There are two columns for each (e.g., MD_1 and MD_2 depending on which option participants chose). These end up being redundant with one another, and we'll have to combine them.

x-flips and y-flips, as their names suggest, measure the number of times participants' cursors flipped on the x and y axis.

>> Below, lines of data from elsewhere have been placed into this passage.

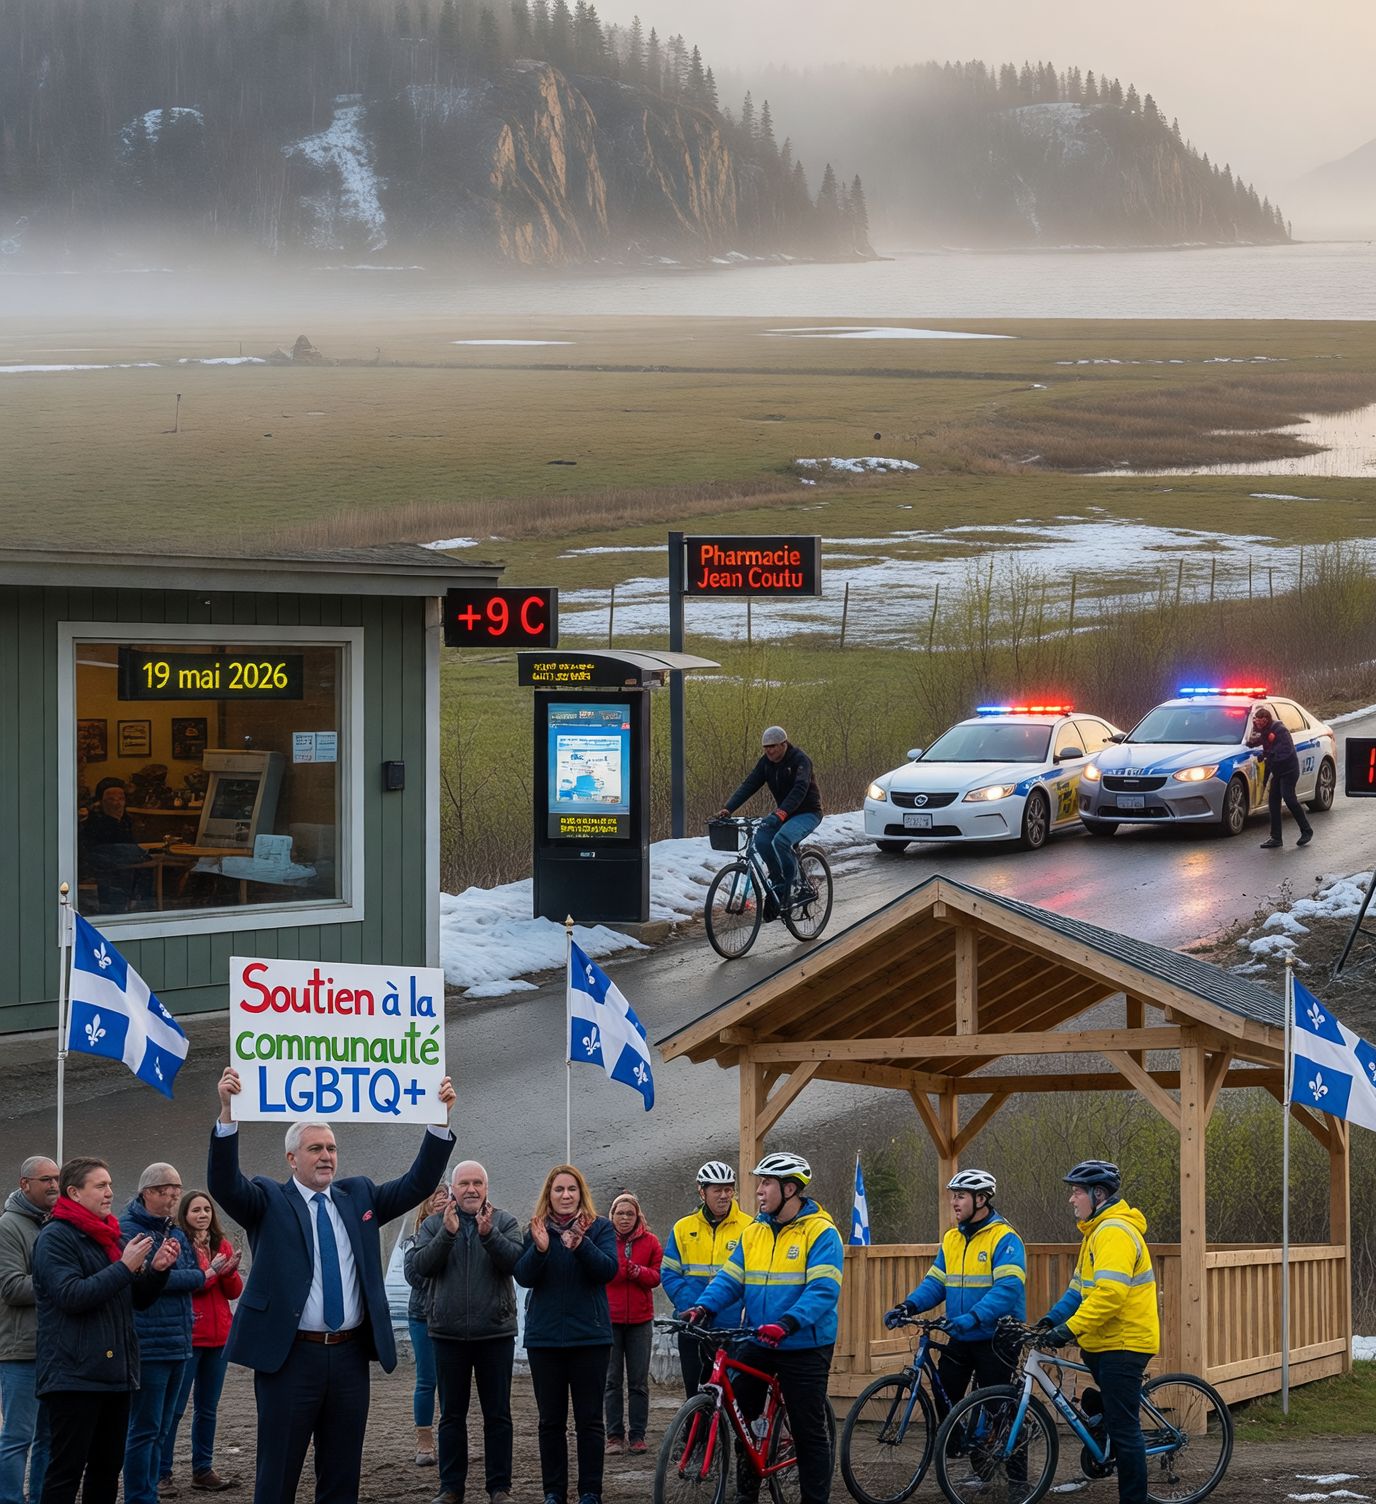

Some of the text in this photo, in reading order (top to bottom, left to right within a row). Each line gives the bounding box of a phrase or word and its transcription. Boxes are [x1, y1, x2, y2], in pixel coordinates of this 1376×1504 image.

[700, 544, 801, 566] Pharmacie
[697, 567, 803, 588] Jean Coutu
[457, 596, 546, 636] +9 C
[142, 661, 289, 690] 19 mai 2026
[239, 962, 437, 1018] Soutien à la
[235, 1021, 441, 1066] communauté
[258, 1065, 426, 1116] LGBTQ+

To combine the two MD columns, we create a new column, find all the rows which have data in MD_1, and then fill in the rows which don't have data in MD_1 with the rows that have data in MD_2. We do the same with AUC.

In [4]:
data['MD'] = data.loc[data['MD_1'].isnull() == False, ['MD_1']]
data.loc[data['MD'].isnull() == True,['MD']] = data.loc[data['MD_2'].isnull() == False]['MD_2'] 
#We do this to get a slice instead of data.loc[data['MD_2'].isnull() == False, ['MD_2']] which returns a dataframe
In [5]:
data['AUC'] = data.loc[data['AUC_1'].isnull() == False, ['AUC_1']]
data.loc[data['AUC'].isnull() == True, ['AUC']] = data.loc[data['AUC_2'].isnull() == False]['AUC_2']

Mean MD and AUC

Now, we can use the .mean() method to get the mean of the above.

In [6]:
data['AUC'].mean()
Out[6]:
0.4573244198895028
In [7]:
data['MD'].mean()
Out[7]:
0.26286099447513805

Means by choice type

The next thing we want to do is see whether participants differed depending on what the type of choice was (e.g., self vs. other etc.) Eventually, we will have a 3x2 table of means:

self vs. other group more w/ self less group more w/ self more
chose selfish chose selfish chose selfish
chose selfless chose selfless chose selffless

Because of the way the conditions were coded (they include trial numbers), we'll use some regex to ignore those numbers:

In [8]:
sodata = data.loc[data['code'].str.extract(r'(so)', expand = False).isnull() == False]
smgldata = data.loc[data['code'].str.extract(r'(smgl)', expand = False).isnull() == False]
smgmdata = data.loc[data['code'].str.extract(r'(smgm)', expand = False).isnull() == False]
In [9]:
print sodata['MD'].mean()
print smgldata['MD'].mean()
print smgmdata['MD'].mean()
0.287940806045
0.240009049774
0.241194845361
In [10]:
print sodata['AUC'].mean()
print smgldata['AUC'].mean()
print smgmdata['AUC'].mean()
0.487281360202
0.4192239819
0.451306185567

AS IT TURNS OUT, this isn't very helpful, because this analysis collapses over whether or not participant chose the selfish or unselfish option, which is really what we're interested in. So let's look at that next:

In [11]:
print sodata.loc[sodata['error'] == 0]['MD'].mean()
print sodata.loc[sodata['error'] == 1]['MD'].mean()
print smgldata.loc[smgldata['error'] == 0]['MD'].mean()
print smgldata.loc[smgldata['error'] == 1]['MD'].mean()
print smgmdata.loc[smgmdata['error'] == 0]['MD'].mean()
print smgmdata.loc[smgmdata['error'] == 1]['MD'].mean()
0.283236649215
0.292302427184
0.225892405063
0.247862676056
0.181802877698
0.391294545455
In [12]:
print sodata.loc[sodata['error'] == 0]['AUC'].mean()
print sodata.loc[sodata['error'] == 1]['AUC'].mean()
print smgldata.loc[smgldata['error'] == 0]['AUC'].mean()
print smgldata.loc[smgldata['error'] == 1]['AUC'].mean()
print smgmdata.loc[smgmdata['error'] == 0]['AUC'].mean()
print smgmdata.loc[smgmdata['error'] == 1]['AUC'].mean()
0.511068062827
0.465226699029
0.499286075949
0.374682394366
0.314955395683
0.795901818182

So, that table above looks like this:

MD self vs. other group more w/ self less group more w/ self more
chose selfish .28 .23 .18
chose selfless .29 .25 .39
MD self vs. other group more w/ self less group more w/ self more
chose selfish .51 .50 .31
chose selfless .46 .37 .80

Note to self: I need to check if I have the selfish vs. selfless options coded correctly. I believe error == 0 = selfish.